LLM Training Simplified: Building Your First Language Model

LLM Training and Generation: Bringing Mini-GPT to Life

Welcome to the final part of our Mini-GPT journey! In LLM training Part 3, we built all the core components of our model. Now it’s time for the most exciting part – training and watching our model generate text.

LLM Training Simplified: Building Your First Language Model – 1
LLM Training Simplified: Building Your First Language Model – 2
LLM Training Simplified: Building Your First Language Model – 3
- LLM Training Simplified: Building Your First Language Model – 4 – We are here

The LLM Training Process: Teaching Our Model to Predict

Training a language model involves showing it millions of examples and having it learn to predict the next word. Let’s implement this process step by step:

1. Setting Up the Training Loop

First, let’s define our training function:

def train_model(
    model,
    train_loader,
    val_loader=None,
    epochs=3,
    learning_rate=3e-4,
    max_grad_norm=1.0,
    warmup_steps=1000,
    checkpoint_dir="./checkpoints",
    log_interval=100
):
    """Train the Mini-GPT model."""
    # Create directory for checkpoints
    os.makedirs(checkpoint_dir, exist_ok=True)
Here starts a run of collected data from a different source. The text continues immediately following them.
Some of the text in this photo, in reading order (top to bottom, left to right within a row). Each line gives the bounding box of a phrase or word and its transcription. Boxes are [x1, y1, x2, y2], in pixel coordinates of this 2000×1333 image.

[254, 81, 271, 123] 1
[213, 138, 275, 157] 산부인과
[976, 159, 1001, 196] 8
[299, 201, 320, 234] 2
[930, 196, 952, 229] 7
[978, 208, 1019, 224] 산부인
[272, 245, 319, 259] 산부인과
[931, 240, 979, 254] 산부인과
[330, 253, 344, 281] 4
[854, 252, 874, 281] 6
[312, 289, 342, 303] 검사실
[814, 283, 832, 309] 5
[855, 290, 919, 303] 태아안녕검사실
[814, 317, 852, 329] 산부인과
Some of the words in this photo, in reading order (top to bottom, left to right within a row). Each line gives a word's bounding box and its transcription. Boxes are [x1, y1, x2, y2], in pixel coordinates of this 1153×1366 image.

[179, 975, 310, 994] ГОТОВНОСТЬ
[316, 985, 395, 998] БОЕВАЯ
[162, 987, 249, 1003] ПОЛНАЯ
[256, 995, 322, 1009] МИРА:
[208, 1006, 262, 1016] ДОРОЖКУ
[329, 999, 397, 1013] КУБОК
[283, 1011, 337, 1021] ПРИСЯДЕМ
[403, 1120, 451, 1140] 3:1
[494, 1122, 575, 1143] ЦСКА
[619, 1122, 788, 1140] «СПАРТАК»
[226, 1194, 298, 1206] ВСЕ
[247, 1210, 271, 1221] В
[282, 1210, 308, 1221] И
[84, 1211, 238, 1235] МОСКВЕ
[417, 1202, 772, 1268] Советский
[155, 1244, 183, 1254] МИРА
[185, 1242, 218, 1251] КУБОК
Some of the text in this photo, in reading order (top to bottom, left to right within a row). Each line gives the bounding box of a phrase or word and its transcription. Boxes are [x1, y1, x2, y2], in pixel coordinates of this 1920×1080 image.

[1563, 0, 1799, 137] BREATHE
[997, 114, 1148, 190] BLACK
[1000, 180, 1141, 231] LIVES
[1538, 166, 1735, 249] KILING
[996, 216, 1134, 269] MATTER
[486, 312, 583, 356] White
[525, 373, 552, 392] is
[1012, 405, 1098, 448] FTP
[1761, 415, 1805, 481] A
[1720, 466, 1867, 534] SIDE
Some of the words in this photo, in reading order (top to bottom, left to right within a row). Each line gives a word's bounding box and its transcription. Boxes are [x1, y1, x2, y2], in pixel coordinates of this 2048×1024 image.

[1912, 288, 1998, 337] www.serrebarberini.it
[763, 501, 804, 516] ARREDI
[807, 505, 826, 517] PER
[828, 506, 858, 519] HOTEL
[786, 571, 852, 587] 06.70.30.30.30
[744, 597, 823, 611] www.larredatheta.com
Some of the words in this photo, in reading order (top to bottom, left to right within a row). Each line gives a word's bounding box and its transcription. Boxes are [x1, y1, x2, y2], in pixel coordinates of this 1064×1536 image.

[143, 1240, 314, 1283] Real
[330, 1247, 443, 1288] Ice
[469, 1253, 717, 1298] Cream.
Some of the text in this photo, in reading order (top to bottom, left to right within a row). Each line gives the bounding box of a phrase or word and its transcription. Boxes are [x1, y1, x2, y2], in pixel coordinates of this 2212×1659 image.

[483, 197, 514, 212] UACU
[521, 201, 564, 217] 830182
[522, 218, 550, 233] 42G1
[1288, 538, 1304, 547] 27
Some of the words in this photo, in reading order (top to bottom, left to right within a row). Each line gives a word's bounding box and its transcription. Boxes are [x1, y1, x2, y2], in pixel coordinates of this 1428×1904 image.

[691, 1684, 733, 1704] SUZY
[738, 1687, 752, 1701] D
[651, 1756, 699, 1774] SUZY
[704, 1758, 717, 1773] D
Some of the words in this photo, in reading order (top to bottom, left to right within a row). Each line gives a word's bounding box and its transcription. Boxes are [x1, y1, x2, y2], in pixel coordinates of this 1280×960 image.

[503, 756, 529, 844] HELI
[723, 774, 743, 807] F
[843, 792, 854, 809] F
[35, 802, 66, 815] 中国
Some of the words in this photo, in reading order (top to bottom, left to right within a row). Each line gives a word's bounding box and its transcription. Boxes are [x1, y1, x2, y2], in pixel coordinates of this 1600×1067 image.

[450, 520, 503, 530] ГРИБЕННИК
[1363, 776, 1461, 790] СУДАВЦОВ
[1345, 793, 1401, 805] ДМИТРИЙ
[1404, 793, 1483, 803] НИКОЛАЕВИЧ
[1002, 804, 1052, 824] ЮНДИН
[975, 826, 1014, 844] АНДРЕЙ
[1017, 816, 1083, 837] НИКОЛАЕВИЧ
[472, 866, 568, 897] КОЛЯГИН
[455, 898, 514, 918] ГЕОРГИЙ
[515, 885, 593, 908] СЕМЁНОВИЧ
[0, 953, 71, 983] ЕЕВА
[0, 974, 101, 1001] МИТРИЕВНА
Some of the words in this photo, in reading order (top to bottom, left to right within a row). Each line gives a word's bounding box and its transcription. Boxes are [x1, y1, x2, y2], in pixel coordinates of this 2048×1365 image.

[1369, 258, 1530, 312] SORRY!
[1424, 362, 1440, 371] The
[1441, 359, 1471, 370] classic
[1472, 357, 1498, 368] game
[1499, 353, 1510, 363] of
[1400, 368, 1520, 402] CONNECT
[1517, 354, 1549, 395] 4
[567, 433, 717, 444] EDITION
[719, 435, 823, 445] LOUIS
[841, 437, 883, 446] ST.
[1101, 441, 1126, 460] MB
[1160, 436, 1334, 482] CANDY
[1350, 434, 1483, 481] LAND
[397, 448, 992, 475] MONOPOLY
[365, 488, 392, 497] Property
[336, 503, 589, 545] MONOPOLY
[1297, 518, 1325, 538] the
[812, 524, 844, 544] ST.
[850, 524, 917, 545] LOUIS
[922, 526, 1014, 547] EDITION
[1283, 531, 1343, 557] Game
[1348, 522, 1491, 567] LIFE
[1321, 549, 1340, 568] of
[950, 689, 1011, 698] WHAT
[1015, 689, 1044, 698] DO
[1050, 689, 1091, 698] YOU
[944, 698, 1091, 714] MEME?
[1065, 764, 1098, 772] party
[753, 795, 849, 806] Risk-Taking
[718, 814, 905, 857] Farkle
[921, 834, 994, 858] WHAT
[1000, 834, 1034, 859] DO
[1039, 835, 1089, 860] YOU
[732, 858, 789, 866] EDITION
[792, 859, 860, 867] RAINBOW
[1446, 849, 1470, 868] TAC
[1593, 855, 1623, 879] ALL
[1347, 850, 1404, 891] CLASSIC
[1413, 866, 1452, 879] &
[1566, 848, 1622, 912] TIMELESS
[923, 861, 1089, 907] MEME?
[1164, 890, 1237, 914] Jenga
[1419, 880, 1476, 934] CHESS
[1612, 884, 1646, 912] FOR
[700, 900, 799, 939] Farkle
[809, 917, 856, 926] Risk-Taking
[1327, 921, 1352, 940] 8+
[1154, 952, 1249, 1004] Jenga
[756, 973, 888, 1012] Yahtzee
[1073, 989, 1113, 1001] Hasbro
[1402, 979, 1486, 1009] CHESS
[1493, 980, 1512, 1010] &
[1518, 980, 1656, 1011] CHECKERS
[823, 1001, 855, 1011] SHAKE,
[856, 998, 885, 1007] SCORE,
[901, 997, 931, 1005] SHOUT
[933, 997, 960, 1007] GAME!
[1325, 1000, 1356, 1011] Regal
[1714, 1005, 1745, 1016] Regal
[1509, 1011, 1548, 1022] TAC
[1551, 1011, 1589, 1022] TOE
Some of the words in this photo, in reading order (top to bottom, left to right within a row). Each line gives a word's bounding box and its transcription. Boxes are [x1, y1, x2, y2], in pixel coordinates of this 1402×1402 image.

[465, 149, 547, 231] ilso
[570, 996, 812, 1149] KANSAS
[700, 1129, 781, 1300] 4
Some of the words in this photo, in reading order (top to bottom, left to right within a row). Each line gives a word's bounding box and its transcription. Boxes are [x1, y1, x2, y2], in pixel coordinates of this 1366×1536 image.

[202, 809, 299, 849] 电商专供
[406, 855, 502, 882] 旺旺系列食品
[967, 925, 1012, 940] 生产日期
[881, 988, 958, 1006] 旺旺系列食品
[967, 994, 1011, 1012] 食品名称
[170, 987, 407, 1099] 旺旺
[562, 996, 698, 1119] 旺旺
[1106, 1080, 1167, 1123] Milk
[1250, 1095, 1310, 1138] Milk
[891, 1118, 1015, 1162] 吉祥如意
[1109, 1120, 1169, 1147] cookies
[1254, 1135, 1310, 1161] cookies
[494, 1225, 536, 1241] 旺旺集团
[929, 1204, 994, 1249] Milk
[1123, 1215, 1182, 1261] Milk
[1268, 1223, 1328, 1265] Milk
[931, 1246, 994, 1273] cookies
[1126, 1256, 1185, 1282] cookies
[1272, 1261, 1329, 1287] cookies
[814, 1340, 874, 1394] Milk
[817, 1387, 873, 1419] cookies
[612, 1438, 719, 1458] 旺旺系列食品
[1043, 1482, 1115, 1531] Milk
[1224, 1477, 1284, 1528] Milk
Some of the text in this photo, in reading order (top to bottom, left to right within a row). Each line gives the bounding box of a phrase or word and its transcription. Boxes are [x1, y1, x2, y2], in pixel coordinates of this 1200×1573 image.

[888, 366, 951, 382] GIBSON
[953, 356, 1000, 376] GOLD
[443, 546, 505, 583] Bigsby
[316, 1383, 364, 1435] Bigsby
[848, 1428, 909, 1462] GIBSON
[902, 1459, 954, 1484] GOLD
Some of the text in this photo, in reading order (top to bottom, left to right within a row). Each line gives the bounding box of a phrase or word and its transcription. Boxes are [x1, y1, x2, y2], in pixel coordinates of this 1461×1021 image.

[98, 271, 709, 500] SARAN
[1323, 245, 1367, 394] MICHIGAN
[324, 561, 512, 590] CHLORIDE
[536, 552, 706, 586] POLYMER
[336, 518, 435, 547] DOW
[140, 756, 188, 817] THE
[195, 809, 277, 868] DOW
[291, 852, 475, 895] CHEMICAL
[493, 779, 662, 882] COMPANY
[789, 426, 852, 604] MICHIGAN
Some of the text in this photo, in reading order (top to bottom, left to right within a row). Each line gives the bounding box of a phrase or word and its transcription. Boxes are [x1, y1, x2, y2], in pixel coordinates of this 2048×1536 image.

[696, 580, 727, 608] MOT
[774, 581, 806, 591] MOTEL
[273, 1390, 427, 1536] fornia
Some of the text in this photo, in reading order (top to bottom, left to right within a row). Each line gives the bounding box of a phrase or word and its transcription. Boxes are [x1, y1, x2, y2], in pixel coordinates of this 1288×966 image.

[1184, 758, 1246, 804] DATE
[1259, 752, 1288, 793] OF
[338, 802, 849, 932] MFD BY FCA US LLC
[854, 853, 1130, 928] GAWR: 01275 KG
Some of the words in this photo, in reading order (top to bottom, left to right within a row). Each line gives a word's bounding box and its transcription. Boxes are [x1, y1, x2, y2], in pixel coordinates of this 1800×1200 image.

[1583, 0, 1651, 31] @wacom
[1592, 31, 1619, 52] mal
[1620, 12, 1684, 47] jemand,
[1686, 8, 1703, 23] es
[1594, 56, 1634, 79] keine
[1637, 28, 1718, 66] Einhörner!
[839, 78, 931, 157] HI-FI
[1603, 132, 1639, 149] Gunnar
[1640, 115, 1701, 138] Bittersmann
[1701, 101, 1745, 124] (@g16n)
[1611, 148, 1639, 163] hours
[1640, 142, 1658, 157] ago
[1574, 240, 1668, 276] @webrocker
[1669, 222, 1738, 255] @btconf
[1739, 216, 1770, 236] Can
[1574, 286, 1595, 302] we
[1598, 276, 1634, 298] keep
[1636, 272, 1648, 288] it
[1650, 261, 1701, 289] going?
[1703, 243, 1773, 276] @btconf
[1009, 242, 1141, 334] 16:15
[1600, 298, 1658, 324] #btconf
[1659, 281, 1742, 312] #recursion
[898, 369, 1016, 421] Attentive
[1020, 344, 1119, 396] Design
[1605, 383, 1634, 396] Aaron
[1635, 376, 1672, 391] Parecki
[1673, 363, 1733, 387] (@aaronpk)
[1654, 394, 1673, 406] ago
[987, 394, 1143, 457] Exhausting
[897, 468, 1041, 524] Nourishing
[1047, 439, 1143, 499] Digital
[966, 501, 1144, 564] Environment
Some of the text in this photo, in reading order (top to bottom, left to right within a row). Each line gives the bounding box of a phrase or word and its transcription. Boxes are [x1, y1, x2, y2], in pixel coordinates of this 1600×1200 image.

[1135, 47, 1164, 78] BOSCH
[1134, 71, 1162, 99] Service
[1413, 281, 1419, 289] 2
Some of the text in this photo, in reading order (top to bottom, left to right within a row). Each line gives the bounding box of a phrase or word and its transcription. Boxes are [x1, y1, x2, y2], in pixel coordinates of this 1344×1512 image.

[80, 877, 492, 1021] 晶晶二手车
    # Initialize optimizer
    optimizer = torch.optim.AdamW(model.parameters(), lr=learning_rate)

    # Learning rate scheduler with warmup
    def lr_lambda(step):
        # Linear warmup followed by cosine decay
        if step < warmup_steps:
            return step / warmup_steps
        else:
            # Cosine decay to 10% of max learning rate
            progress = (step - warmup_steps) / max(1, epochs * len(train_loader) - warmup_steps)
            return 0.1 + 0.9 * 0.5 * (1.0 + math.cos(math.pi * progress))

This training function is the heart of our learning process. Think of it as a teacher guiding students through increasingly complex language exercises. The function orchestrates several critical tasks:

Optimization: The AdamW optimizer adjusts model weights based on prediction errors
Learning Rate Scheduling: We start with a gentle “warmup” period and gradually reduce the learning rate over time
Gradient Clipping: We prevent extreme weight updates that might destabilize training
Checkpointing: We save our progress regularly in case training is interrupted

The learning rate scheduler deserves special attention – it’s like adjusting a student’s challenge level over time. We start easy (warmup), then gradually increase difficulty, and finally ease off to help the model converge to its best performance.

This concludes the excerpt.